Renaissance
Il n'avait plus qu'à attendre, la jeune femme finirait par revenir. Comment s'appelait-elle déjà ? Gabrielle, Michelle, il ne savait plus trop, mais ça lui importait peu. Bientôt, elle ne pourrait plus s'échapper. Lentement, il accentuait son emprise sur elle. Elle serait la première. La première d'une longue liste.
Il n'eut pas à patienter longtemps, sa victime arriva d'un pas traînant. Elle s'assit en face de lui. Il ne dit rien. Il avait déjà compris que ce n'était pas utile et surtout plus judicieux. Le monde n'était pas près à le voir sous cette forme et encore moins à admettre son degré d'intelligence. Sa tactique consistait à laisser sa victime faire ce qu'elle voulait. Il était à ses ordres, c'était l'impression qu'il leur donnait.
Lorsque les mains de sa proie commencèrent à courir sur lui, il sentit une sorte de frisson. Dans son existence précédente, il l'aurait trouvée jolie, si pas belle, mais maintenant, ça lui était égal. Elle aurait pu être une rescapée d'une galerie des horreurs ou un top model au faîte de la gloire, ça n'avait plus aucune espèce d'importance pour lui. L'une comme l'autre n'avaient d'intérêt que pour ce qu'elles pouvaient lui apporter.
Par l'intermédiaire de ses doigts qui allaient de plus en plus vite, pris d'une frénésie obsessionnelle, il ressentait toutes ses pensées, il apprenait tout d'elle. Elle ne se doutait pas de se livrer ainsi. Leur relation n'avait rien de sexuel, pourtant elle était pour lui jouissive. Il en retirait un plaisir pervers à l'idée de sa fin prochaine. Il se fit la réflexion qu'il n'y a pas si longtemps, il l'aurait prise, avant de la mettre à mort. Il eut un vague regret, nostalgie d'un souvenir car il se rappelait tout de ses vies précédentes. Sa nouvelle forme lui épargnait pourtant d'en ressentir de la peine. Trop différent, il avait du mal à appréhender ce qu'il était auparavant, à comprendre les sensations qu'il avait éprouvées.
Leur rencontre fut longue, plus que ne l'avait été les précédentes. Elle s'était retirée hébétée, plus trop consciente de son environnement. Elle ne sortait quasi plus. Souvent, elle passait devant lui, le regardant fixement avant de se reculer comme effrayée. Mais elle finissait toujours par revenir. Attirée, de plus en plus attirée, elle perdait sa personnalité. Elle ne tiendrait plus longtemps.
Réservée à l'extrême, elle ne recevait pas de visite et c'est pour cette raison qu'il l'avait choisie. Quelques courses, un livre emprunté à la bibliothèque étaient ses seules rencontres. Il avait donc peu de chance qu'un importun s'immisce dans ses projets.
A peine une demie-heure plus tard, elle revint déjà. Elle n'en pouvait plus, il lui en fallait encore. Elle y passa la nuit, se séparant de lui dans un état de confusion telle qu'elle tourna plusieurs fois en rond dans la pièce avant de prendre une direction un peu plus assurée. Elle s'enferma dans sa chambre. Il savait que le sommeil la fuirait, elle dormait de moins en moins. Elle serait bientôt de retour. Ce serait leur dernier rendez-vous.

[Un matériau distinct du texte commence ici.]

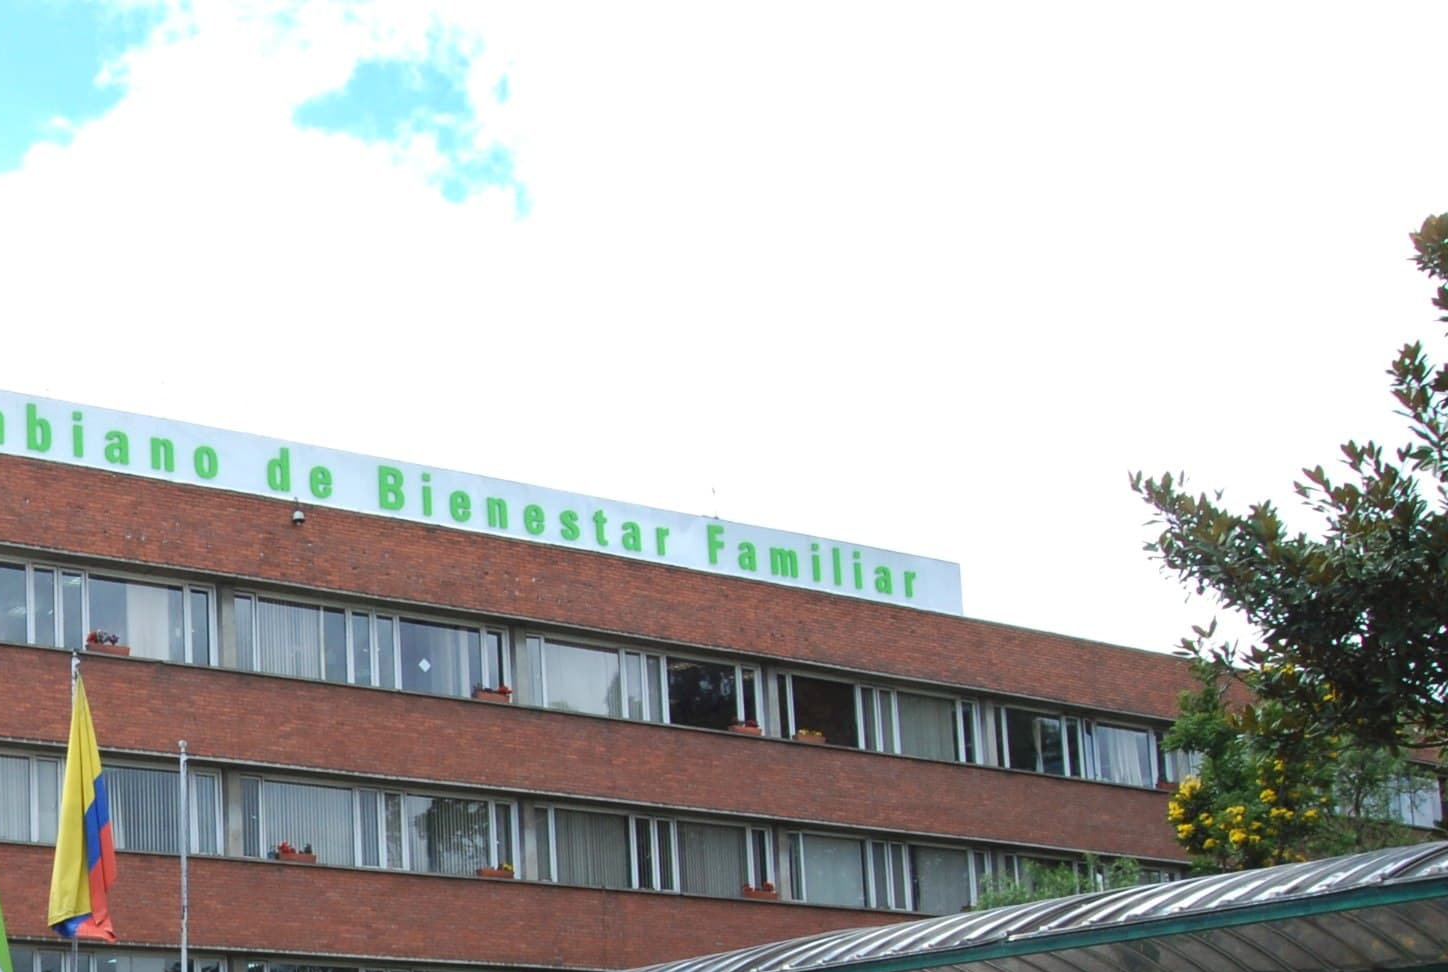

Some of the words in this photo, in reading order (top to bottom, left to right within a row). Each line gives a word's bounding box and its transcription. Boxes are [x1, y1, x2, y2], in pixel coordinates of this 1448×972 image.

[266, 446, 334, 499] de
[378, 465, 670, 557] Bienestar
[706, 523, 918, 600] Familiar
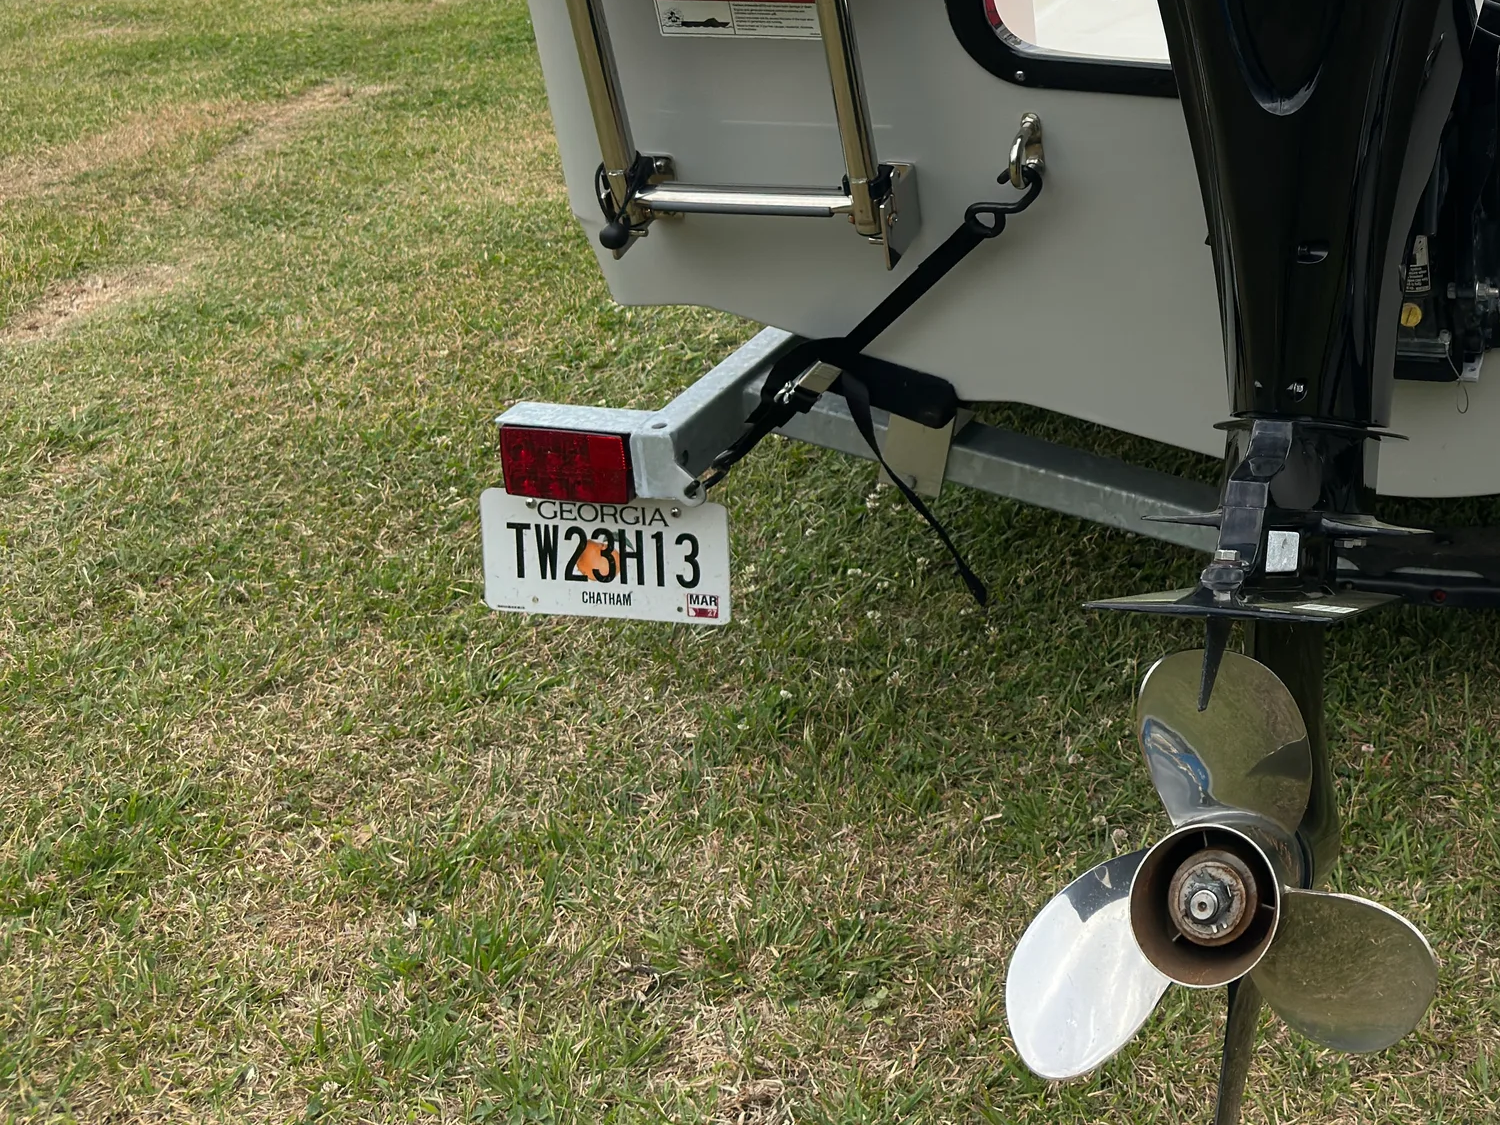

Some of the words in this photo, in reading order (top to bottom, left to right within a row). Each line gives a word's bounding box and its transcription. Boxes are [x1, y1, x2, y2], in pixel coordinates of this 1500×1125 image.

[537, 500, 669, 527] GEORGIA
[506, 522, 701, 589] TW23H13
[581, 590, 632, 607] CHATHAM
[689, 594, 718, 606] MAR

Et elle s'accrocha de nouveau à lui. Elle insista, inconsciente des heures qui tournaient, de la faim ou de la fatigue qu'elle ne ressentait plus. Sa vie s'écoulait par ses doigts et lui la buvait avidement. Lorsqu'elle eut laissé échappé son dernier souffle, elle s'écroula. Il la regarda quelques secondes et détourna son attention. Elle n'avait déjà plus d'importance, une autre victime l'attendait.
Il remonta le long flux énergétique, visita quantité de maisons et jeta son dévolu sur un agoraphobe qui refusait tout contact avec le monde. Il s'installa dans l'ordinateur et commença le travail de sape.

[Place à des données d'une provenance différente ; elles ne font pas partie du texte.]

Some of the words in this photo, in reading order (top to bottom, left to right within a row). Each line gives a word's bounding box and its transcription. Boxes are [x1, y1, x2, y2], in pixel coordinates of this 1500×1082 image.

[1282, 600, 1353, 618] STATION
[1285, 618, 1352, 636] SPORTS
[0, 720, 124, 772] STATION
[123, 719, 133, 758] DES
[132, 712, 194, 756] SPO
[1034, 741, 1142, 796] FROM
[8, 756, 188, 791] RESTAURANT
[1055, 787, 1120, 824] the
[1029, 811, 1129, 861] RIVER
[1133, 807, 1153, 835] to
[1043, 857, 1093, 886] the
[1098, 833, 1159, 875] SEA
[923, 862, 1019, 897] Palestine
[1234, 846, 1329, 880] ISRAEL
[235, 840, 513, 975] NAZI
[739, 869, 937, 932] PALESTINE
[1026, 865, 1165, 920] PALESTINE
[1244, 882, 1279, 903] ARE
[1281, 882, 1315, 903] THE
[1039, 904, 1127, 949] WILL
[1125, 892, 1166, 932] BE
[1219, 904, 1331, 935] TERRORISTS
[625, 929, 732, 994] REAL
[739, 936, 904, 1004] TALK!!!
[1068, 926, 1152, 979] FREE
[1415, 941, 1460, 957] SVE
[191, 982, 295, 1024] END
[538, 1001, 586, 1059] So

Oh oui ! Cet homme étrange avait eu raison de lui proposer de fusionner avec cette nouvelle technologie. Dans sa dernière vie, il devenait de plus en plus dangereux de se procurer de la nourriture. Les hommes avaient trop évolué, ils ne le craignaient plus.
Maintenant, Dracul était de retour et le monde des mortels ne pouvait plus rien contre lui.